The Omega Expedition - Brian Stableford [222]
“I get the picture,” I assured her. “Well, yes, I suppose it was a kind of Hell. The secret is that you can get used to Hell, if you don’t let it get you down. You never actually get to like it — but you can learn from it, if you have the right attitude. Among other things, you can learn to be wary of Heaven.”
“We’re not the Earthbound,” she assured me. “We aren’t finished.

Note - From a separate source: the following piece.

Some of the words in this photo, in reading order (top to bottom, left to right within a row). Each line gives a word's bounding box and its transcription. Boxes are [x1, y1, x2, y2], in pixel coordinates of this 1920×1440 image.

We have millennia of progress still ahead of us, and we intend to take full advantage of its opportunities.”
I could have told her that even though that might be the case, she and her sisters would never actually grow up, but that would have been flippant and I didn’t want to spoil the moment. I was grateful to her, and I wanted us to part on good terms.

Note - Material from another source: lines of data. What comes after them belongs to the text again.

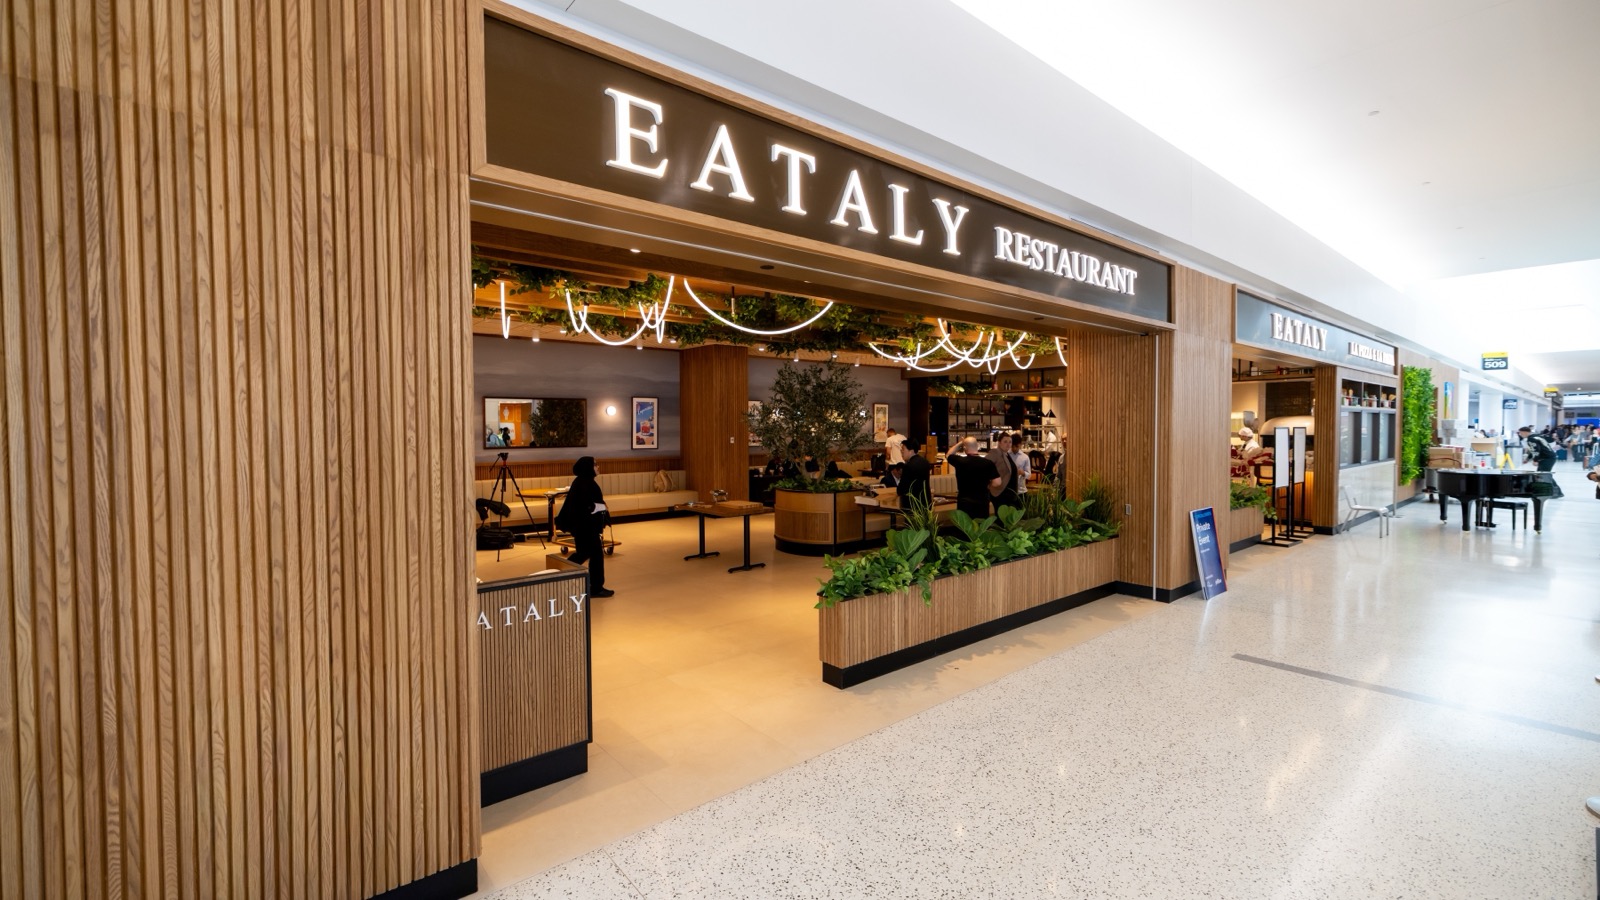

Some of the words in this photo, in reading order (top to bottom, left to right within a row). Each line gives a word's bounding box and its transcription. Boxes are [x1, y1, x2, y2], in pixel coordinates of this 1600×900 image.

[604, 87, 970, 256] EATALY
[994, 226, 1138, 295] RESTAURANT
[1270, 312, 1328, 351] EATALY
[1484, 360, 1506, 369] 509
[1196, 522, 1210, 532] Private
[1198, 535, 1210, 545] Event
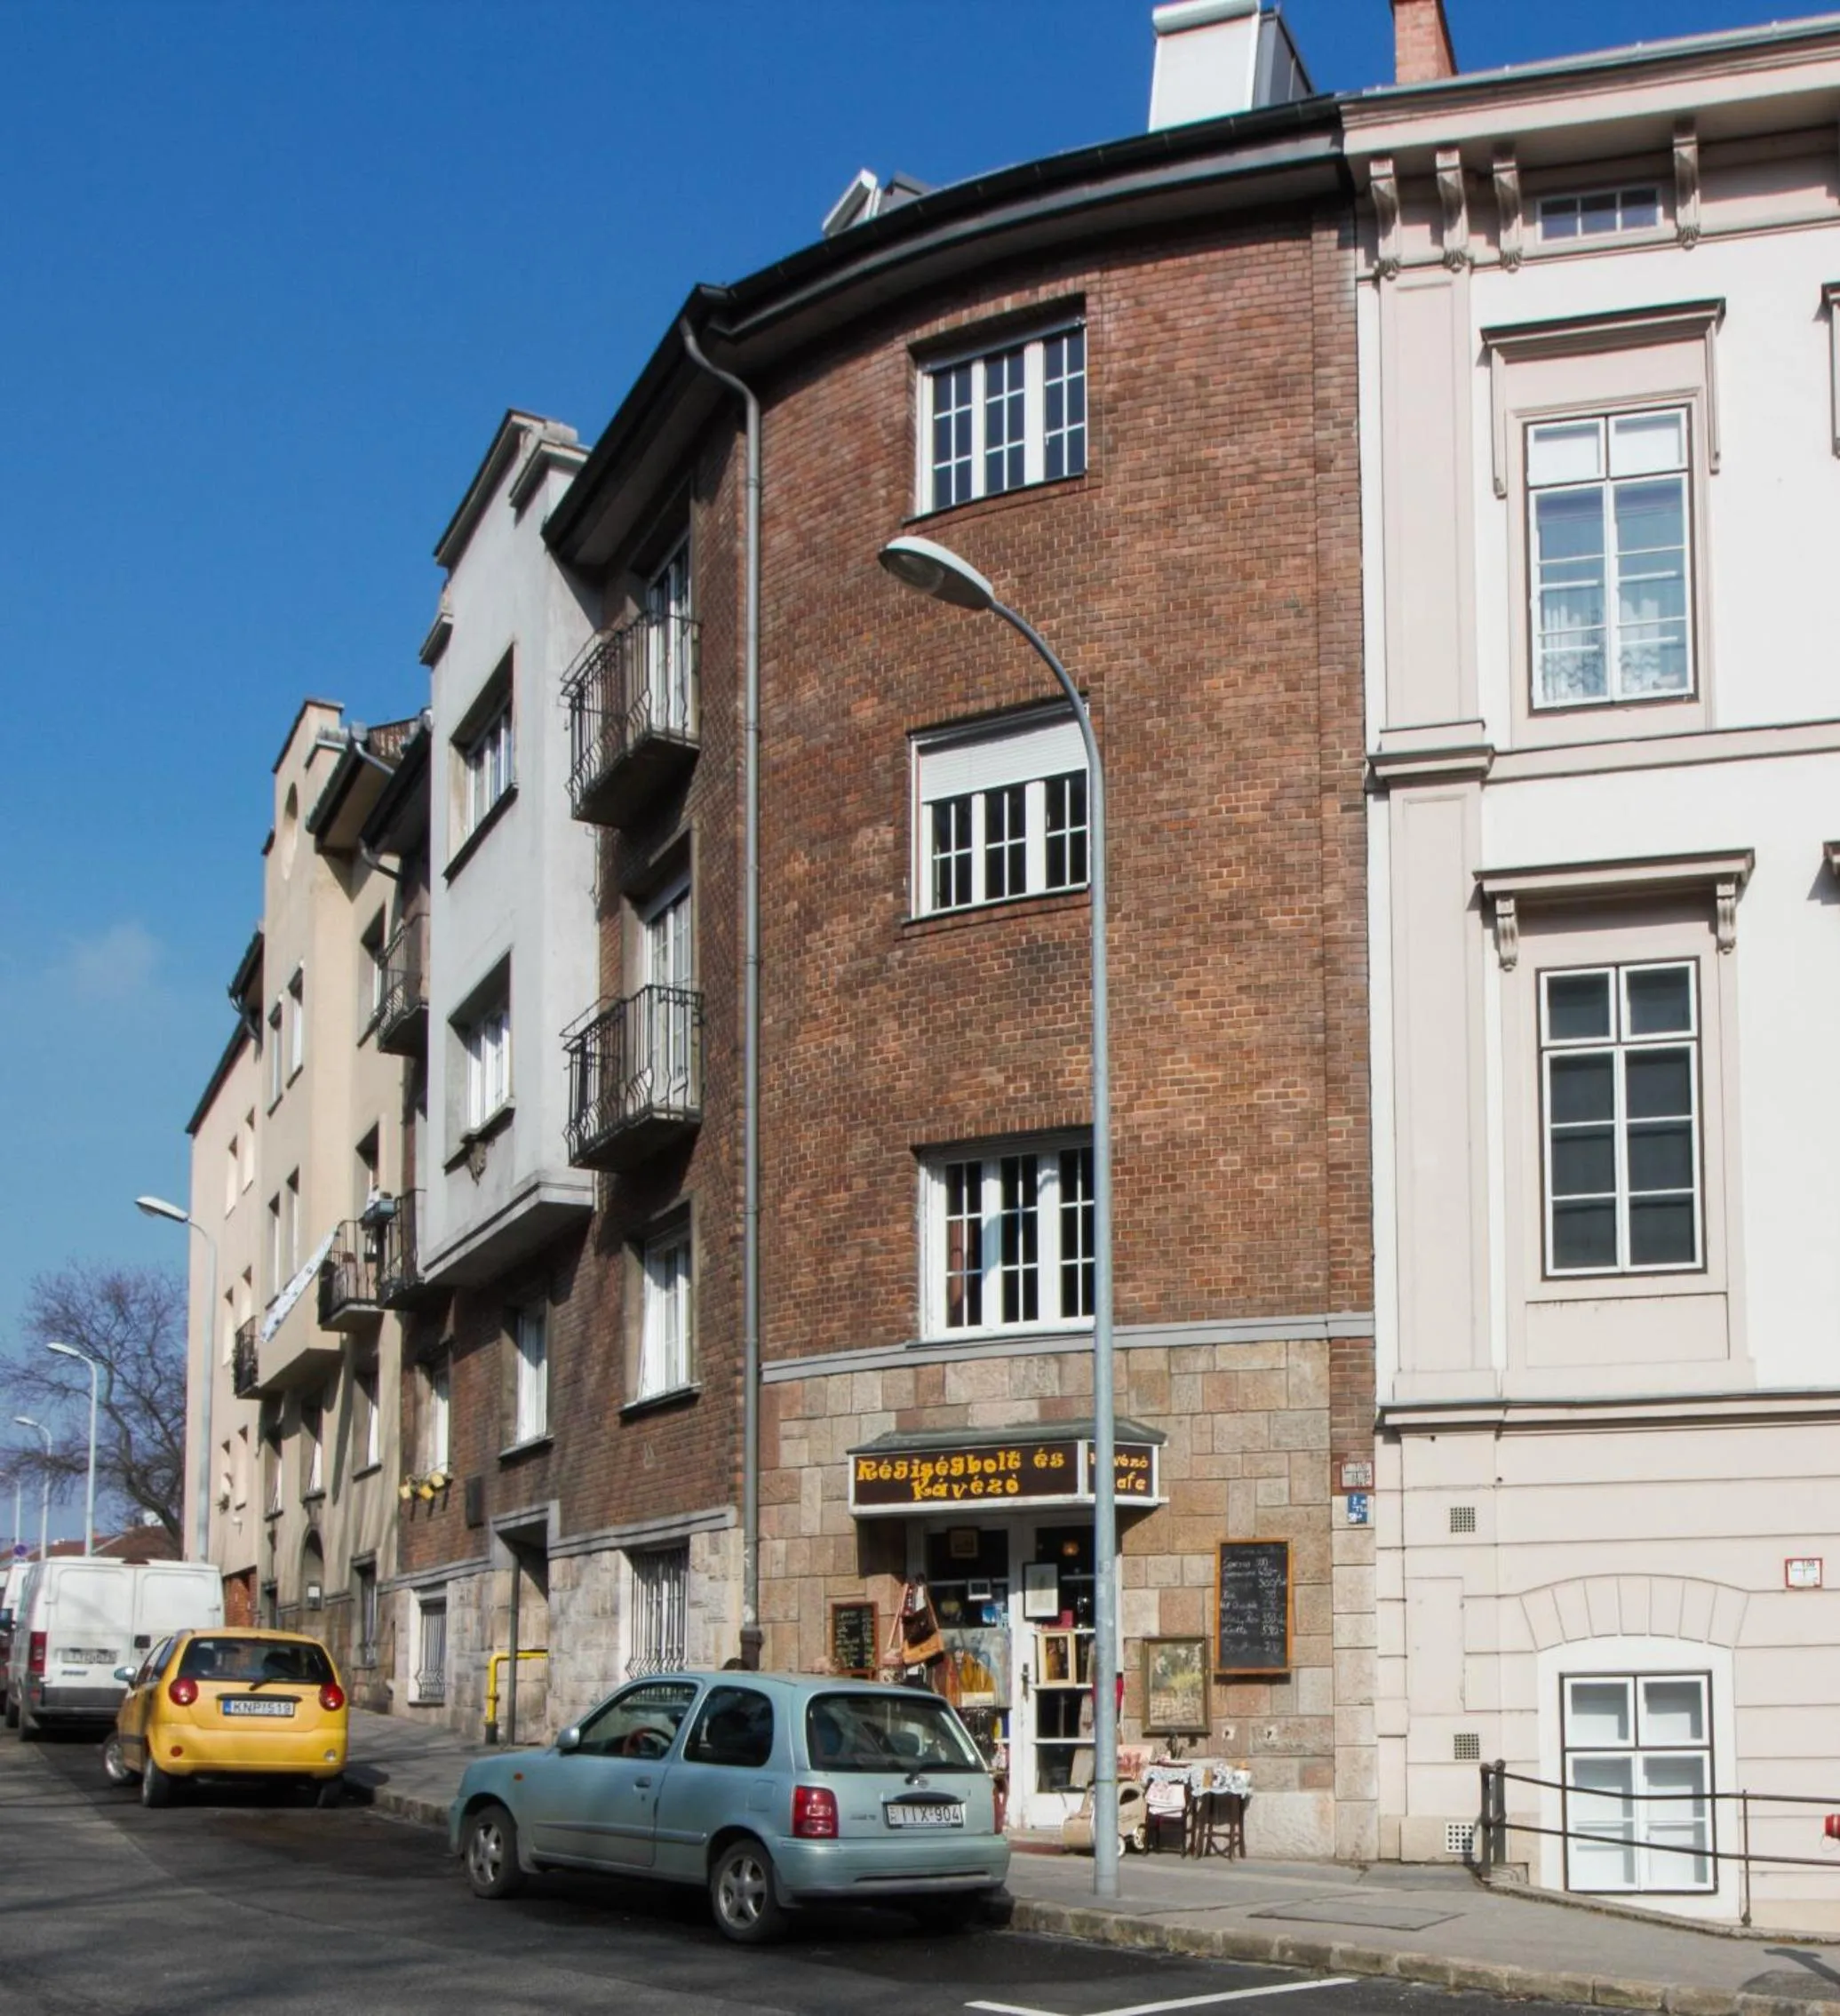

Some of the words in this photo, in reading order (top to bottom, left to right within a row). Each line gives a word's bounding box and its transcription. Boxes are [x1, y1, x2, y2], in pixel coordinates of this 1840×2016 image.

[1033, 1447, 1065, 1469] és
[911, 1473, 1019, 1502] Kávézó
[1113, 1471, 1146, 1491] afe

In any case, I knew even then that there might eventually come a day when I’ll be ready for Excelsior.
I didn’t mind being locked in a cocoon for the few minutes it took the remaining six of us to fall to Earth.
I hadn’t expected to feel quite so heavy when I got there, given that my brand new IT and a few sessions in the Titaness’s centrifuge had tuned up my muscles, but it seemed a small price to pay for getting my feet back on the ground.
We landed in Antarctica, on the ice fields outside Amundsen. The cloud cover obscured the sun and sky, but the ice palaces clustered on the horizon couldn’t prevent me from feeling that I’d returned to my roots and reconnected myself with my history.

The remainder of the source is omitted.